日本人の「新築好き」は異様 今後の住宅市場、主役は中古へ

2013.07.28


日本で新築信仰が強いのはなぜか。いずれは中古が主流に【拡大】

 先日、国土交通省から発表された5月の「住宅着工戸数」は8万戸弱、年率換算値で約102万戸だった。一方、ロイター電が伝えた米国5月の「住宅着工件数」の年換算は約91万戸。住宅着工数というのは景気の善しあしを測るバロメーターとして用いられる。日米ともにまずまずの数字らしい。

 で、お気づきだろうか。日本は約102万戸で、米国は約91万戸。人口は日本が約1億2700万人で、米国は約3億1400万人。約2・6倍の差があるのに日本の方が住宅着工数が多い。
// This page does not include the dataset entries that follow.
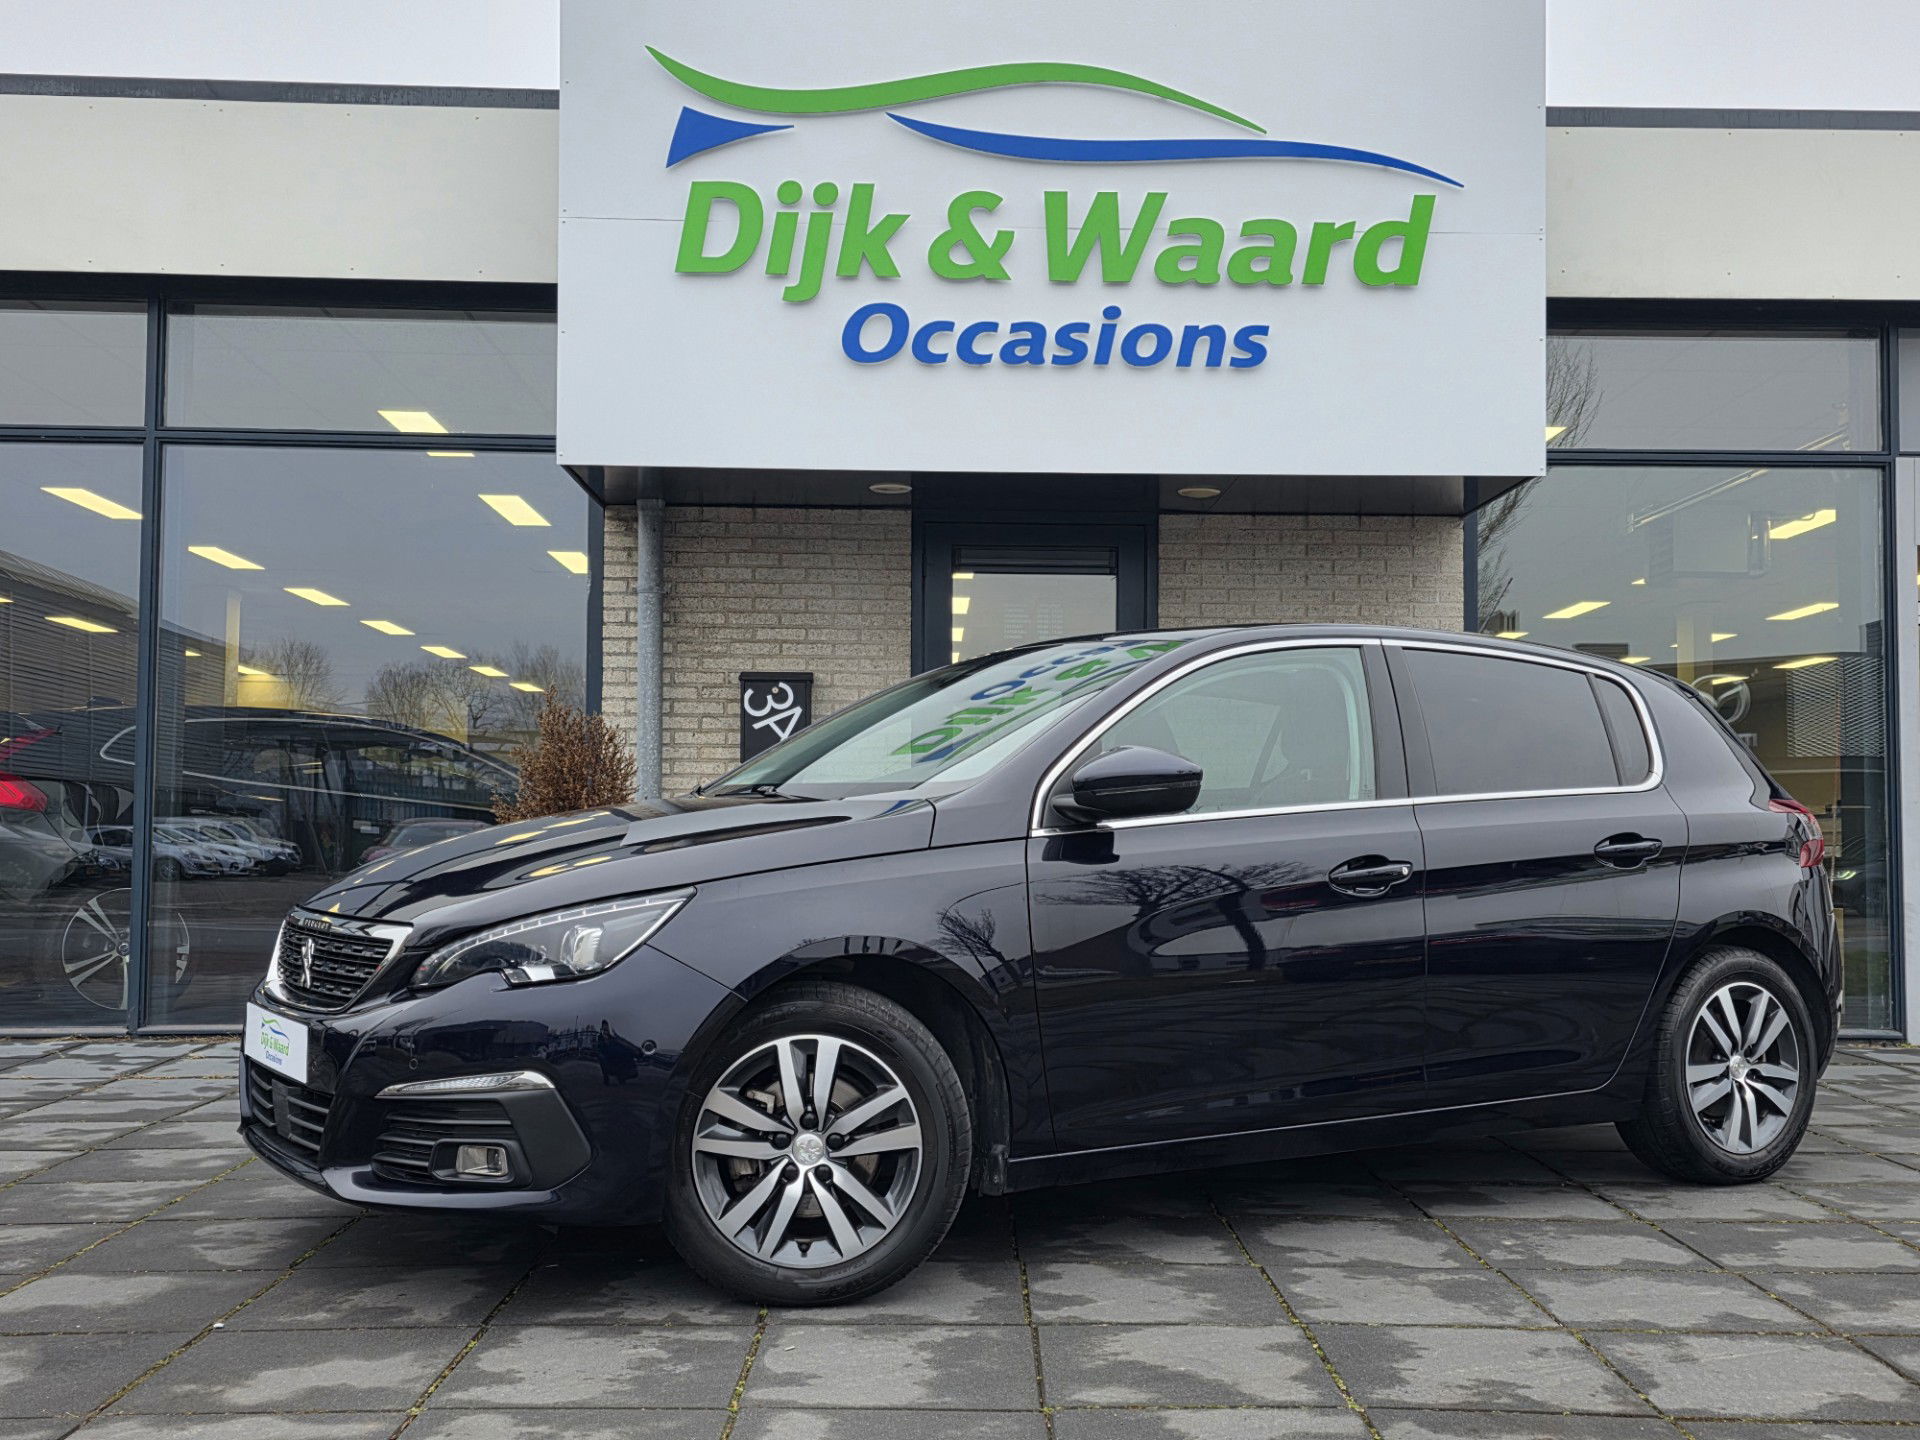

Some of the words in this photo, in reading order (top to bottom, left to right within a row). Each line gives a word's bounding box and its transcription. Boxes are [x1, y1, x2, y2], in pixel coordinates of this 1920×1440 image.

[675, 181, 909, 302] Dijk
[928, 191, 1014, 282] &
[1044, 191, 1436, 287] Waard
[841, 302, 1270, 369] Occasions
[743, 682, 803, 742] 3A
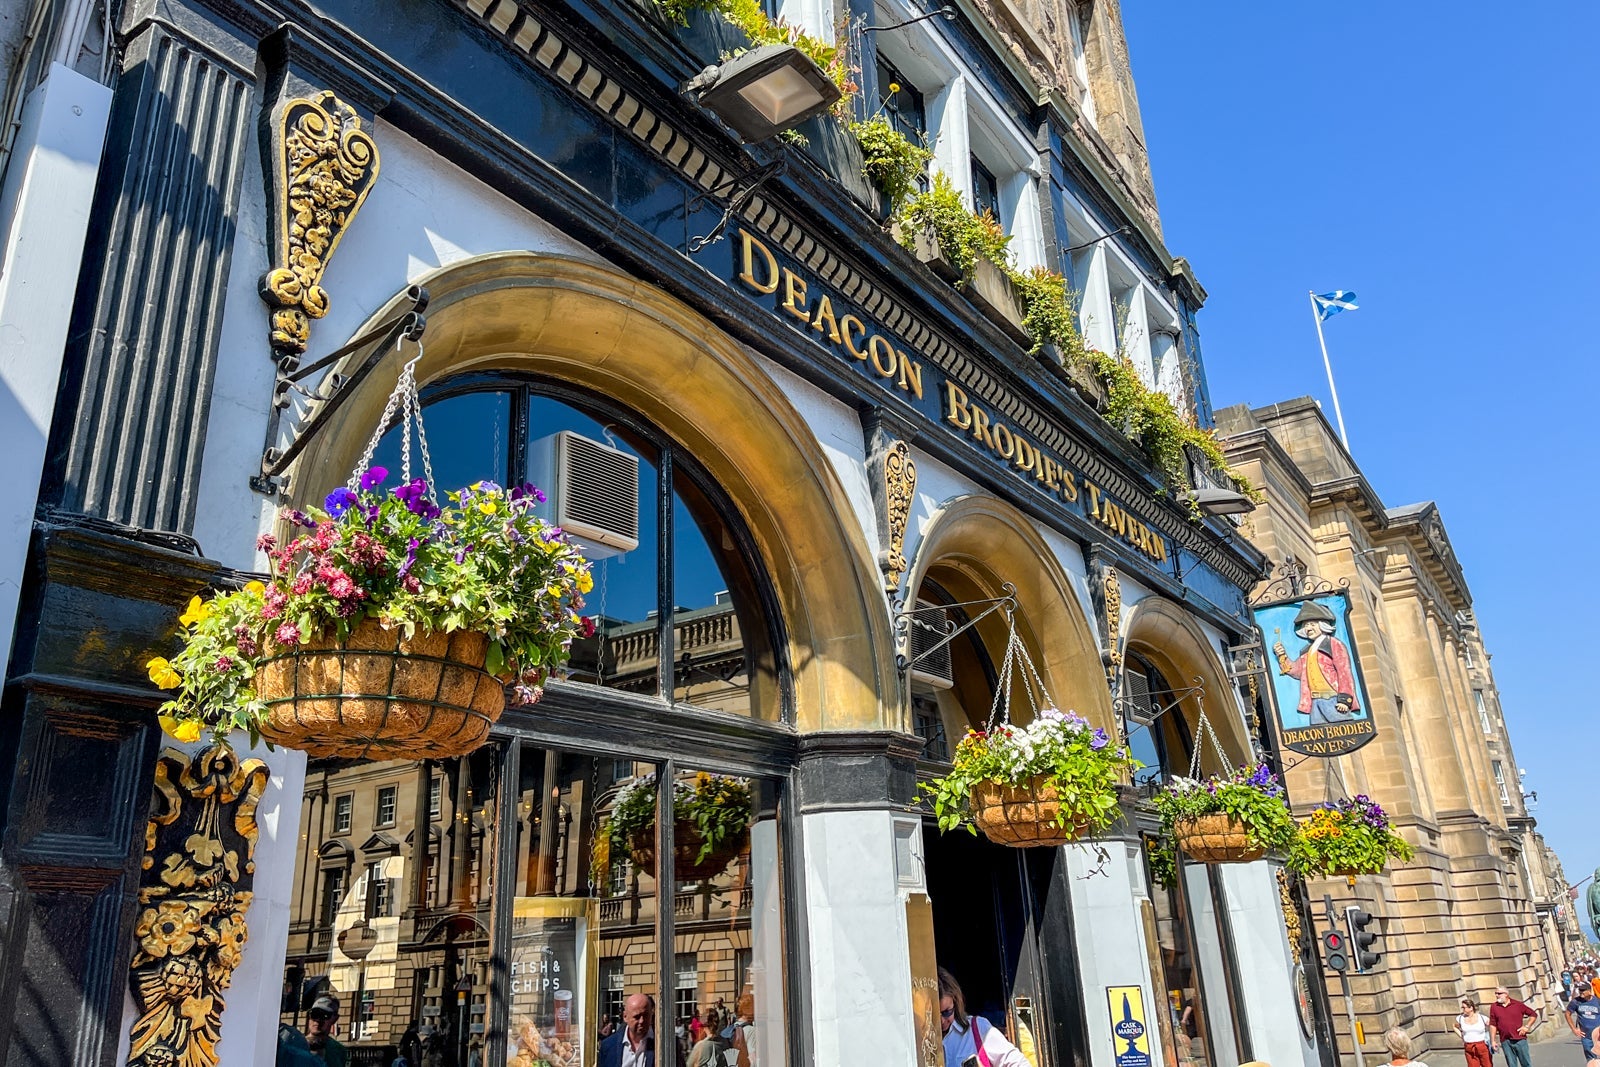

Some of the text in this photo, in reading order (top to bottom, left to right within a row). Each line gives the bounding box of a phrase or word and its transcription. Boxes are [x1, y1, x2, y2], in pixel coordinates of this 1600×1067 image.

[738, 227, 1167, 564] DEACON BRODIE'S TAVERN
[1283, 722, 1372, 745] DEACON BRODIE'S
[1304, 739, 1355, 753] TAVERN
[511, 960, 560, 974] FISH &
[511, 978, 560, 992] CHIPS
 実は、日本人は世界的にみても異様なほど「新築好き」なのだ。

 統計数字でみると鮮明に分かる。日本では、売買される住宅のうち9割近くが新築。それに比べて米国は中古がほぼ8割、英国は約9割でフランスは7割弱だ。

 つまり、日本人は「家を買う」となると、ほとんどが新築になっている。なぜだろうか。

 日本で建て替えられる住宅は築後30年が平均で、米国では55年、英国では77年。日本では築30年で家を壊して建て替えているが、英国では77年持たせていることになる。

 これにはいろいろな理由があると思う。日本は木造住宅が多いのに対して、英国は石やレンガ、コンクリート造が多いという。しかし、何世代も経た木造住宅も珍しくない。

 私は、日本人の宗教観も大いに影響していると思う。例えば神道の「不浄」観。新しいものは清く、古いものはけがれているという感覚だ。また、仏教の「諸行無常」。世も人も常に変化するのだから、頑丈な家を建てても仕方がないという発想。

 さらに、日本は地震や台風などの天災が多い。江戸時代には一生のうち何度も火事で焼け出された人がたくさんいたはずだ。だから「家なんか住めればいい。そのうち建て替えるから」的な価値観が広がったのかもしれない。

 だが、時代は変わった。2006年に定められた「住生活基本法」では、ストック(中古住宅)の重視が明解に打ち出されている。さらに建築技術の向上やリフォームの浸透により、中古住宅の価値が見直されている。

 そうでなくても、日本では住宅が余っている。全住宅の約13%が空き家。人口比率で米国の3倍近くの新築住宅をつくる必要性があるとは思えない。こんなことをしていれば、日本の住宅はますます余っていく。資源やエネルギーのムダである。

 私は、今後5年から10年くらいの間に、欧米諸国のように住宅市場の主役が新築から中古に移行するのではないかとみている。もし、そうなれば日本の住宅産業はコペルニクス的な大転換を遂げることになる。マンションデベロッパーは事業を縮小せざるを得ないし、ハウスメーカーも淘汰されていく。

 逆に、仲介(中古)市場の規模は今より格段に拡大する。中古住宅の統一的な品質評価基準も定められるだろう。

 ■榊淳司(さかき・あつし) 住宅ジャーナリスト。1962年、京都府出身。同志社大法学部および慶応大文学部卒。不動産の広告・販売戦略立案の現場に20年以上携わる。不動産会社の注意情報や物件の価格評価の分析に定評がある(www.sakakiatsushi.com)。著書に「年収200万円からのマイホーム戦略」(WAVE出版)など。